The Marketing of Candidates Using Trademarks and Campaign Slogans in California and the U.s

by R. Sebastian Gibson - Date: 2008-10-17 - Word Count: 760 Share This!

No matter where you live in America, whether it is in Orange County, California, Los Angeles, CA, San Diego, La Jolla, Del Mar, Encinitas, Newport Coast, Carlsbad, Oceanside, San Marcos, Vista and Escondido or the cities of Huntington Beach, Westminster, Buena Park, Anaheim, Santa Ana, Costa Mesa, Irvine, Newport Beach, Corona del Mar, Laguna Beach, and Laguna Hills, Santa Barbara, Ventura, Oxnard, Buena Park, Temecula, Indian Wells, La Quinta, Palm Springs, or the rest of the U.S., unless you never turn on the television or read a newspaper, you have been bombarded by campaign slogans in the 2008 Presidential election.

Marketing experts know that the best way for a product or a candidate to be remembered is with a slogan or platform that is succinct and easy to remember. Marketing experts know that the best way for a product or a candidate to be remembered is with a slogan or platform that is succinct and easy to remember. 

In addition, a great slogan can be trademarked for use on products such as clothing, mugs, etc. Many people do not recall this, but when Barry Goldwater ran for President, they actually gave out or sold cans of "Goldwater" a soft drink at his rallies and other events.

As a marketing and advertising lawyer in California, one has to wonder if future candidates who create original slogans for his or her election in the future, won't try to trademark their  slogans for use on products and try to copyright their advertising materials using the slogans to prevent the relentless variations made of a good slogan by other candidates.

So far in this Presidential campaign, the slogans have been less than rememberable. In fact with each candidate stealing or using variations of the same slogans each other has used or slogans that were used against them in the primary, none of the candidates marketing experts have done them a real service.

First, look at the ever changing slogans of Hillary Clinton which may have contributed to her downfall. First she had "Renewing the Promise of America" followed by "In to Win," "Working for Change, Working for You," "The Strength and Experience to Make Change Happen," and "The Change We Need." Somewhere along the way, there was also "Ready for Change, Ready to Lead."The changes in campaign slogans by Hillary Clinton were so many and so often, that columnists were commenting if it was a new week, it was time for a new slogan.

Obama's slogans have been fewer in number but faced with the many "Change" slogans used in the primaries by Hillary Clinton, his slogans of "Yes We Can" "Change We Can Believe In" and "Change We Need" have all failed to be memorable. His success as a candidate is acknowledged to be due to his own charisma, rather than that of his slogans.

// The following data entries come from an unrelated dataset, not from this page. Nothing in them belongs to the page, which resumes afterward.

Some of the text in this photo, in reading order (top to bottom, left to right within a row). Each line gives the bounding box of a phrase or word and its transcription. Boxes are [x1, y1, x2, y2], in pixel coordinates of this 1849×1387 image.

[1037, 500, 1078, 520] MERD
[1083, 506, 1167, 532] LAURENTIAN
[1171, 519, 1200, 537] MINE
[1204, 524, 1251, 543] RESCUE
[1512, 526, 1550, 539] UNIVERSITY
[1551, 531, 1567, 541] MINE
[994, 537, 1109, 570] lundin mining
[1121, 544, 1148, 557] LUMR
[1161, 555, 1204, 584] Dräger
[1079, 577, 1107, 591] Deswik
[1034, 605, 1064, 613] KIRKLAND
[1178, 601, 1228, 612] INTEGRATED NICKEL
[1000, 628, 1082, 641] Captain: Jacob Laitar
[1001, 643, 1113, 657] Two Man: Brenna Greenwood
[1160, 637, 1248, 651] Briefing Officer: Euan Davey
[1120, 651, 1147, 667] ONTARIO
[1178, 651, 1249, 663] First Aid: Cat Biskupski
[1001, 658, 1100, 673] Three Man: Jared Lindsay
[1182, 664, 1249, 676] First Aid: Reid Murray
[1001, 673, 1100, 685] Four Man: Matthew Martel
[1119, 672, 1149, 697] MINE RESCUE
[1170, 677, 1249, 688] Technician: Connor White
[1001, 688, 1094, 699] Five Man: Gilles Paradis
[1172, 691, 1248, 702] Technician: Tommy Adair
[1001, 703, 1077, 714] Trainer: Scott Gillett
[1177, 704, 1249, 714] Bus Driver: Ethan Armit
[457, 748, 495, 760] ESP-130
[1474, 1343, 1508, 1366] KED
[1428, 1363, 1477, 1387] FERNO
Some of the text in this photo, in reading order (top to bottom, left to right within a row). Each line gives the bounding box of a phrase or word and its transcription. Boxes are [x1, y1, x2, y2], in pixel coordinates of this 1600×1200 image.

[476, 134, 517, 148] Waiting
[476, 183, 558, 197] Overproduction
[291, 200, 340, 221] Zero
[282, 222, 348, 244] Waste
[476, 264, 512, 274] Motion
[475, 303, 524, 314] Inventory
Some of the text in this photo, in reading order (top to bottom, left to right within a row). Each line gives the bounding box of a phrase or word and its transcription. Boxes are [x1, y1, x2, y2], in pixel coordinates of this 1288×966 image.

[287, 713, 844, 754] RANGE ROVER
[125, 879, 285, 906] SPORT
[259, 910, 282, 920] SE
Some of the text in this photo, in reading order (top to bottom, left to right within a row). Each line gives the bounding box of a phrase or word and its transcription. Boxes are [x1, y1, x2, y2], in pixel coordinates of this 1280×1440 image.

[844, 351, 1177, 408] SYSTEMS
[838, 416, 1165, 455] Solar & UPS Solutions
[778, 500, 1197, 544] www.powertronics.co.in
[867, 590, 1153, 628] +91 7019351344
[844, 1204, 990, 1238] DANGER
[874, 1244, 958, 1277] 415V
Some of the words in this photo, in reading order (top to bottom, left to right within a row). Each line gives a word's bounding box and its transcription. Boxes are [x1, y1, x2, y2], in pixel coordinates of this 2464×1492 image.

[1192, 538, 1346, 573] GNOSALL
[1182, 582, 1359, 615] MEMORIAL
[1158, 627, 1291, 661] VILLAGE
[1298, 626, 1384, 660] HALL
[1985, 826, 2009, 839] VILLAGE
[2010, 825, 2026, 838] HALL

McCain has had fewer slogans, and has primarily used "Country First" and "Change is Coming." The "First" slogan was better for not using the word "Change" in it. It sounds patriotic and fit the candidate. But somewhere along the way, for better or more likely for the worse, some marketing expert convinced the campaign they needed to confuse the public's perception of who would bring change and separate themselves from George Bush and so they added the slogan, "Change is Coming" which could be the worst of all the "Change" slogans because, duh, with either candidate, George Bush will be out and one of the two guys running will be in.

If these slogans are the best that almost unlimited campaign money can buy, one has to wonder if the campaigns shouldn't have gone to additional marketing agencies, or attorneys to come up with their slogans. Even Barry Goldwater in 1964 had "In Your Heart, You Know He's Right" which quickly became parodied with "In Your Guts, You Know He's Nuts," either one of which would have been better than "Change blah blah blah blah blah."

If this year is all about the economy, where are slogans today like "It's The Economy, Stupid" and "Are You Better Off Than You Were Four Years Ago?" We all know change is coming. The economy is in the tank. Use a slogan that promises a better life, or if you have to be negative, at least blame the economic conditions on the other party's candidate and use something we can all remember, like "This Is All His Fault" or let us know how the candidate really feels about the other's leadership skills and use, "He Can't Lead Us Out Of A Wet Paper Bag."